▶ **Work item**
An exact copy of every record below is required, with the pictures left out.

▶ **Available data**
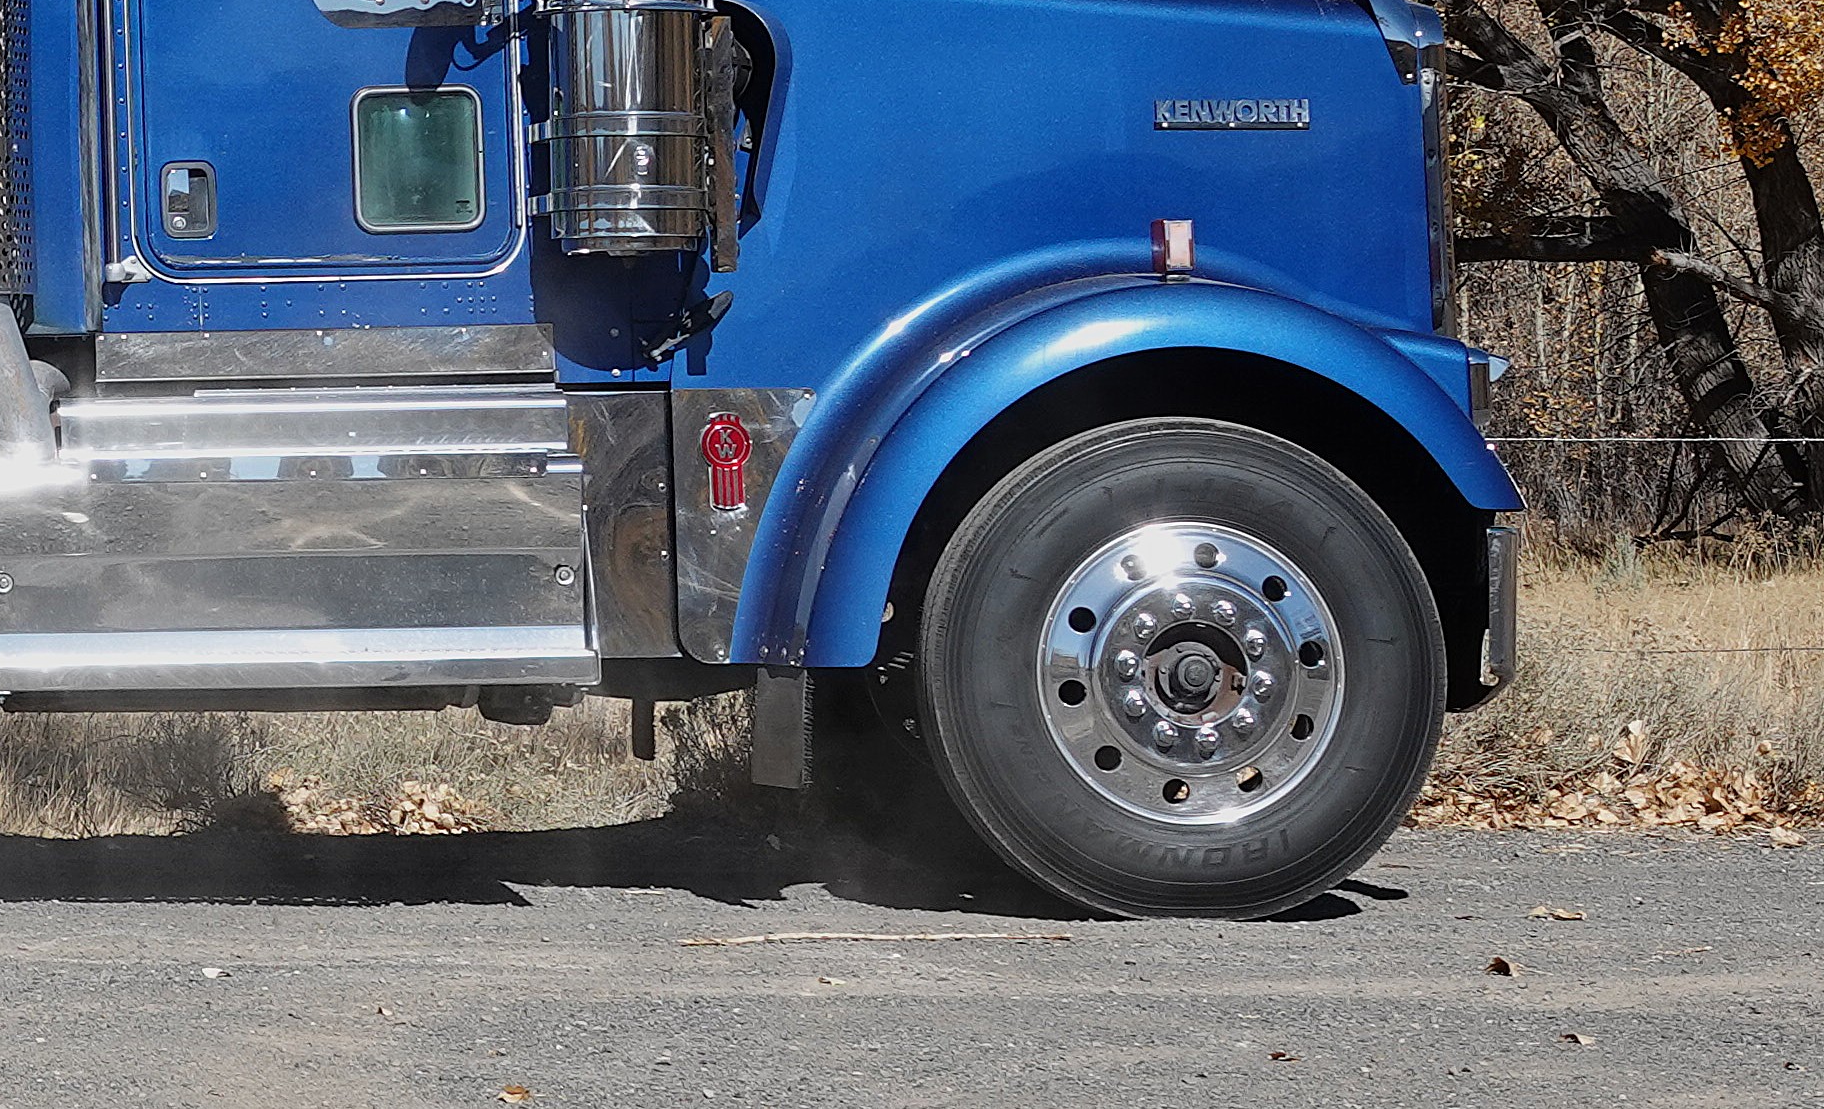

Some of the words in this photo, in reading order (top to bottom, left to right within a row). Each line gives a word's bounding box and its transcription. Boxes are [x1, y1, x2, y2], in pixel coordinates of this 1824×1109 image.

[1154, 99, 1310, 123] KENWORTH
[719, 429, 733, 444] K
[714, 443, 737, 458] W
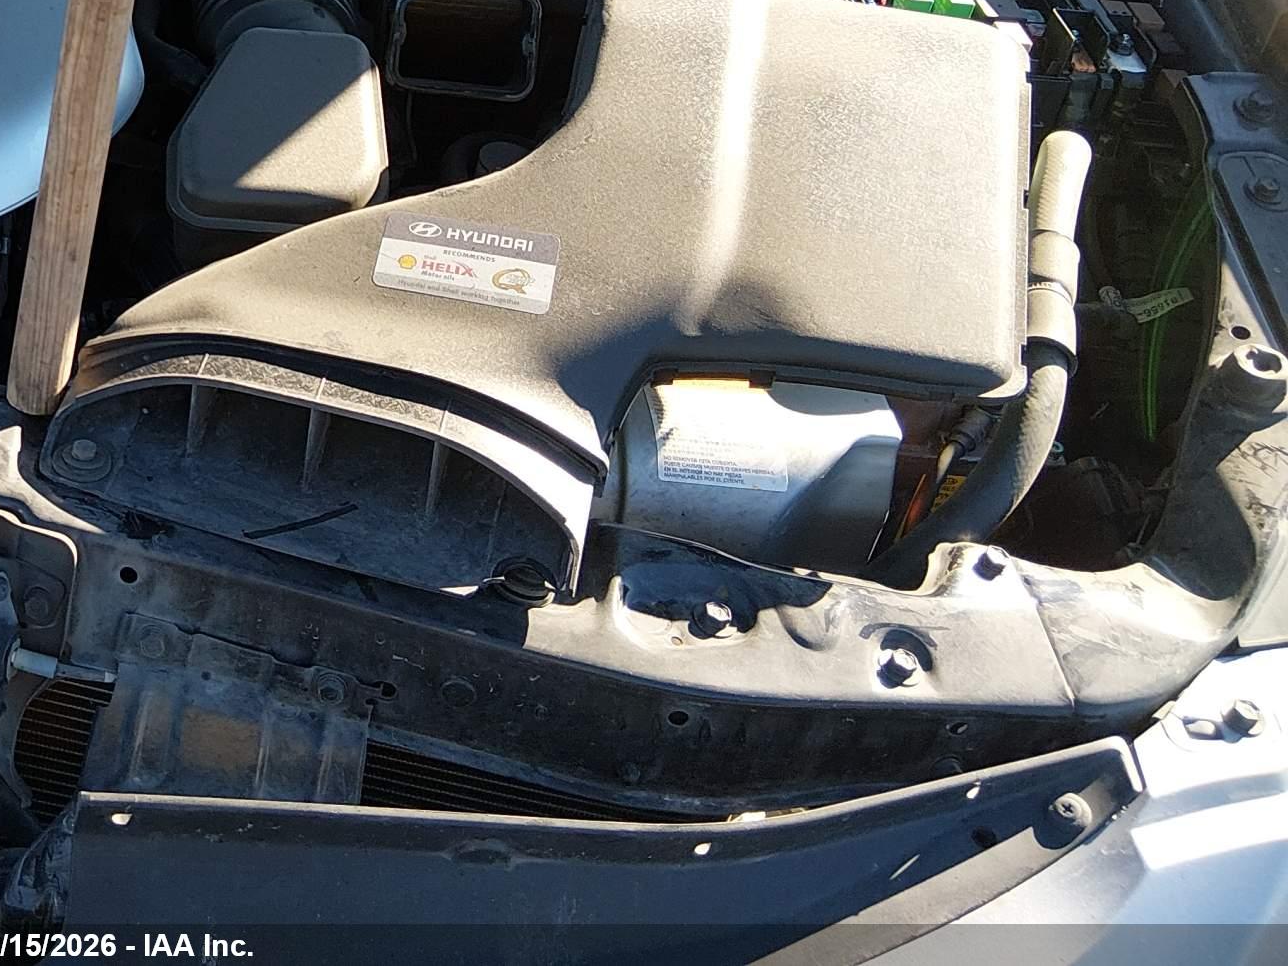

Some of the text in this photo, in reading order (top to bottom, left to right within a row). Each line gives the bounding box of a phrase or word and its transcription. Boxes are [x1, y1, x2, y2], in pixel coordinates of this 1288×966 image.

[445, 227, 534, 252] HYUNDAI
[442, 248, 496, 263] RECOMMENDS
[420, 259, 475, 277] HELIX
[420, 269, 442, 278] Motor
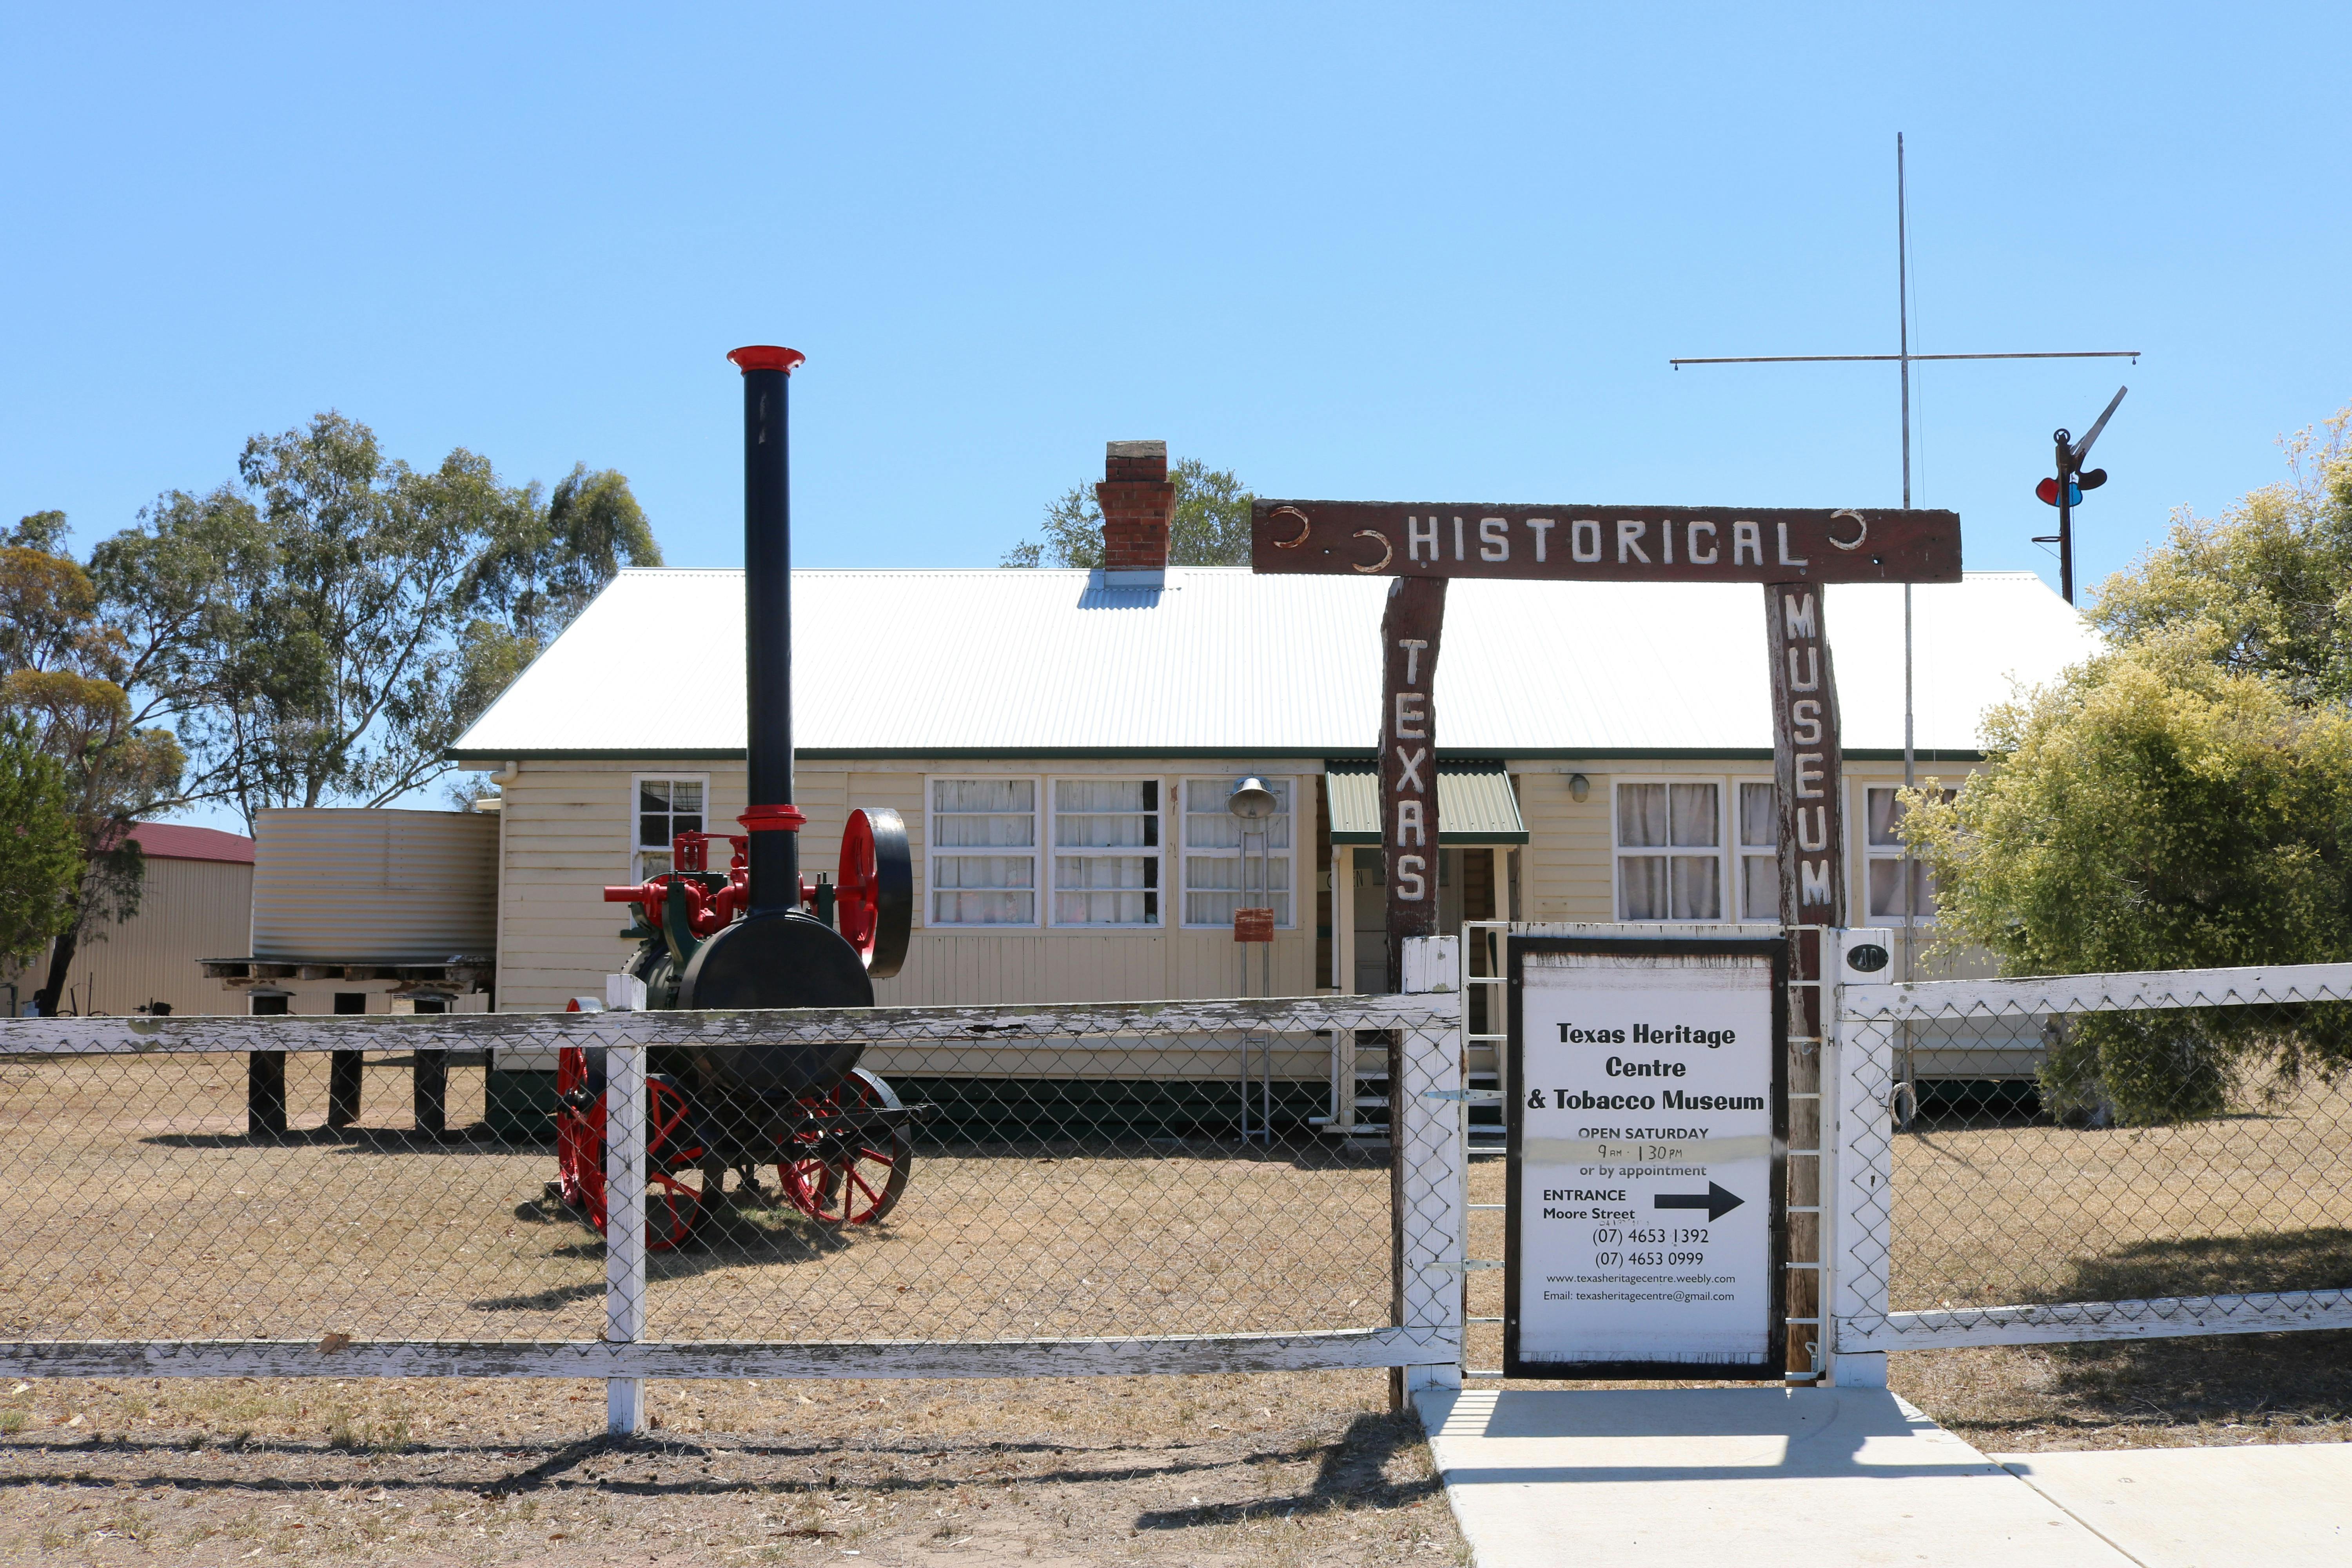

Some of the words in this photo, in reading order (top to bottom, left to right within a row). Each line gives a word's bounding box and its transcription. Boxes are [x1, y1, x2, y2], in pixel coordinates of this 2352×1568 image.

[1408, 516, 1809, 566] HISTORICAL
[1785, 593, 1830, 907] MUSEUM
[1396, 639, 1429, 901] TEXAS
[1857, 947, 1878, 968] 40
[1556, 1023, 1625, 1044] Texas
[1633, 1024, 1735, 1049] Heritage
[1606, 1056, 1686, 1077] Centre
[1527, 1089, 1546, 1109] &
[1553, 1089, 1655, 1110] Tobacco
[1663, 1090, 1764, 1110] Museum
[1578, 1127, 1620, 1139] OPEN
[1625, 1127, 1709, 1139] SATURDAY
[1599, 1164, 1615, 1179] by
[1619, 1165, 1707, 1179] appointment
[1543, 1189, 1626, 1201] ENTRANCE
[1543, 1208, 1588, 1219] Moore
[1592, 1208, 1635, 1219] Street
[1593, 1229, 1623, 1247] (07)
[1628, 1229, 1665, 1243] 4653
[1673, 1229, 1709, 1243] 1392
[1595, 1252, 1623, 1269] (07)
[1628, 1252, 1663, 1265] 4653
[1668, 1252, 1703, 1265] 0999
[1546, 1273, 1736, 1285] www.texasheritagecentre.weebly.com
[1544, 1290, 1573, 1300] Email:
[1576, 1290, 1735, 1303] texasheritagecentre@gmail.com

▶ **Task solution**
Some of the words in this photo, in reading order (top to bottom, left to right within a row). Each line gives a word's bounding box and its transcription. Boxes are [x1, y1, x2, y2], in pixel coordinates of this 1824×1109 image.

[1154, 99, 1310, 123] KENWORTH
[719, 429, 733, 444] K
[714, 443, 737, 458] W

Some of the text in this photo, in reading order (top to bottom, left to right within a row). Each line gives the bounding box of a phrase or word and its transcription. Boxes are [x1, y1, x2, y2], in pixel coordinates of this 1288×966 image.

[445, 227, 534, 252] HYUNDAI
[442, 248, 496, 263] RECOMMENDS
[420, 259, 475, 277] HELIX
[420, 269, 442, 278] Motor

Some of the words in this photo, in reading order (top to bottom, left to right within a row). Each line gives a word's bounding box and its transcription. Boxes are [x1, y1, x2, y2], in pixel coordinates of this 2352×1568 image.

[1408, 516, 1809, 566] HISTORICAL
[1785, 593, 1830, 907] MUSEUM
[1396, 639, 1429, 901] TEXAS
[1857, 947, 1878, 968] 40
[1556, 1023, 1625, 1044] Texas
[1633, 1024, 1735, 1049] Heritage
[1606, 1056, 1686, 1077] Centre
[1527, 1089, 1546, 1109] &
[1553, 1089, 1655, 1110] Tobacco
[1663, 1090, 1764, 1110] Museum
[1578, 1127, 1620, 1139] OPEN
[1625, 1127, 1709, 1139] SATURDAY
[1599, 1164, 1615, 1179] by
[1619, 1165, 1707, 1179] appointment
[1543, 1189, 1626, 1201] ENTRANCE
[1543, 1208, 1588, 1219] Moore
[1592, 1208, 1635, 1219] Street
[1593, 1229, 1623, 1247] (07)
[1628, 1229, 1665, 1243] 4653
[1673, 1229, 1709, 1243] 1392
[1595, 1252, 1623, 1269] (07)
[1628, 1252, 1663, 1265] 4653
[1668, 1252, 1703, 1265] 0999
[1546, 1273, 1736, 1285] www.texasheritagecentre.weebly.com
[1544, 1290, 1573, 1300] Email:
[1576, 1290, 1735, 1303] texasheritagecentre@gmail.com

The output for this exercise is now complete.